Inoperative or unclaimed deposits with the Employees Provident Fund Organisation (EPFO) increased nine-fold to ₹2,948.11 crore in 2011-12 from ₹332.14 crore in 2006-07, says a CAG report tabled in Parliament recently.

Urging the retirement fund body to minimise the incidence of inoperative and unclaimed accounts, the Comptroller and Auditor General’s report said the sharp increase in such accounts indicated that the EPFO “did not exercise adequate control on timely refund or transfer of deposits to subscribers”. The EPFO recently facilitated online transfer of accounts.

The CAG report noted that 8.53 per cent of the total of 8.55-crore accounts were inoperative as on March 2012. The number of such accounts zoomed to over 73 lakh in 2011-12 from over 25 lakh in 2006-07.

The report also found 81,531 cases in seven States where funds received were not transferred to regional offices.

In West Bengal (regional office Kolkata) alone, the contribution of ₹665.63 crore received from 4,955 establishments during the 2006-12 period was yet to be transferred (as of January 2013) to the regional office of the depositors’ new employers, it said.

Defaulting employers

It also noted that employers of exempted establishments in Madhya Pradesh, West Bengal, Rajasthan and Kerala failed to deposit PF contributions worth ₹129.20 crore to the respective boards of trustees. West Bengal had the highest dues of ₹62.84 crore, followed by Rajasthan (₹45.43 crore), Madhya Pradesh (₹17.67 crore) and Kerala (₹3.26 crore).

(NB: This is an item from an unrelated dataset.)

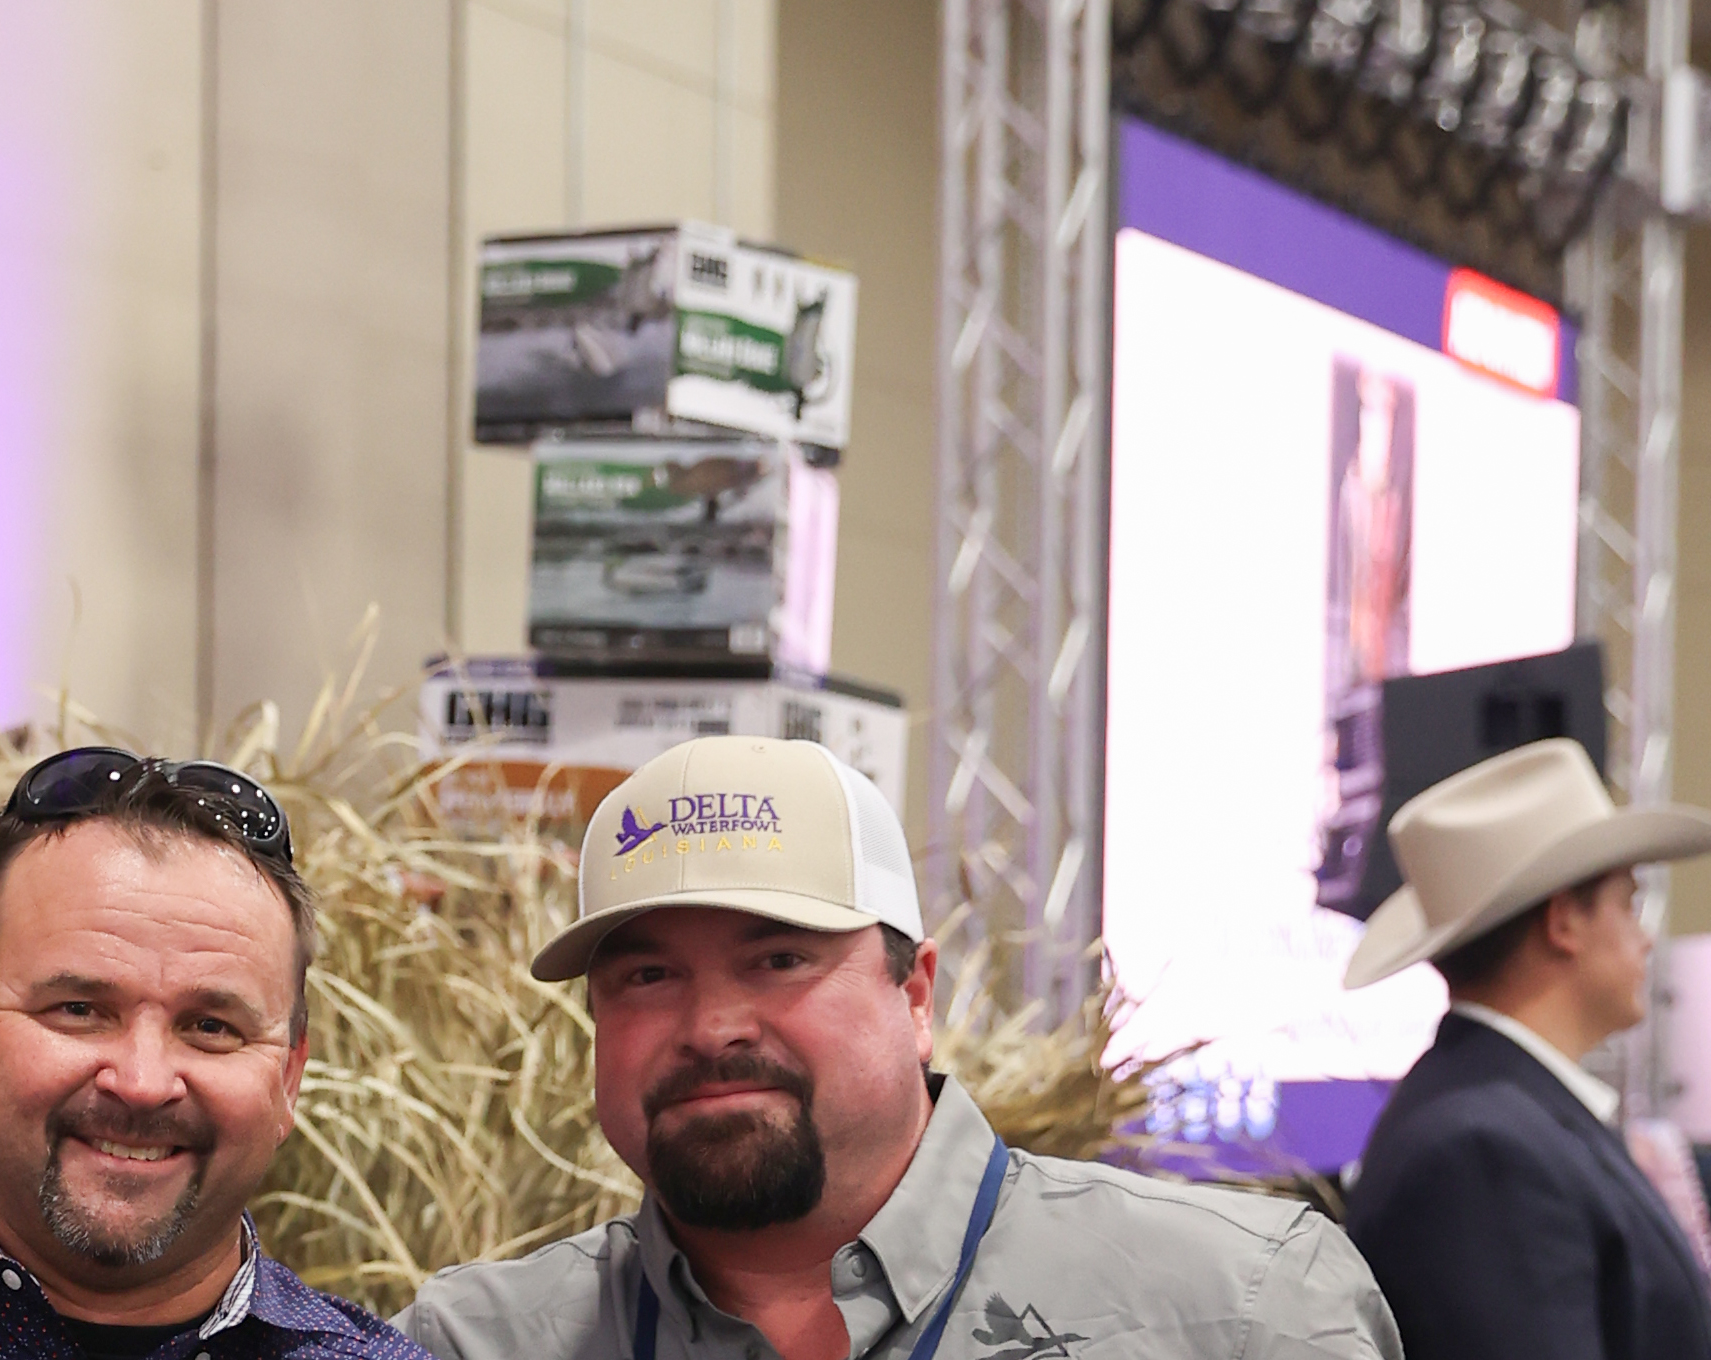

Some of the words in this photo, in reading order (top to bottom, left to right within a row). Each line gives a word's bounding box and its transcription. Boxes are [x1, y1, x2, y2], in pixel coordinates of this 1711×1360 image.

After it pulled up the EPFO for not initiating action to cancel the exemptions of the erring establishments, the CAG was informed in November 2012 that directions for action had been issued immediately.

Noting that its schemes provide social security to over eight crore depositors and their families, the report urged the EPFO to monitor all remittance and pay-out targets.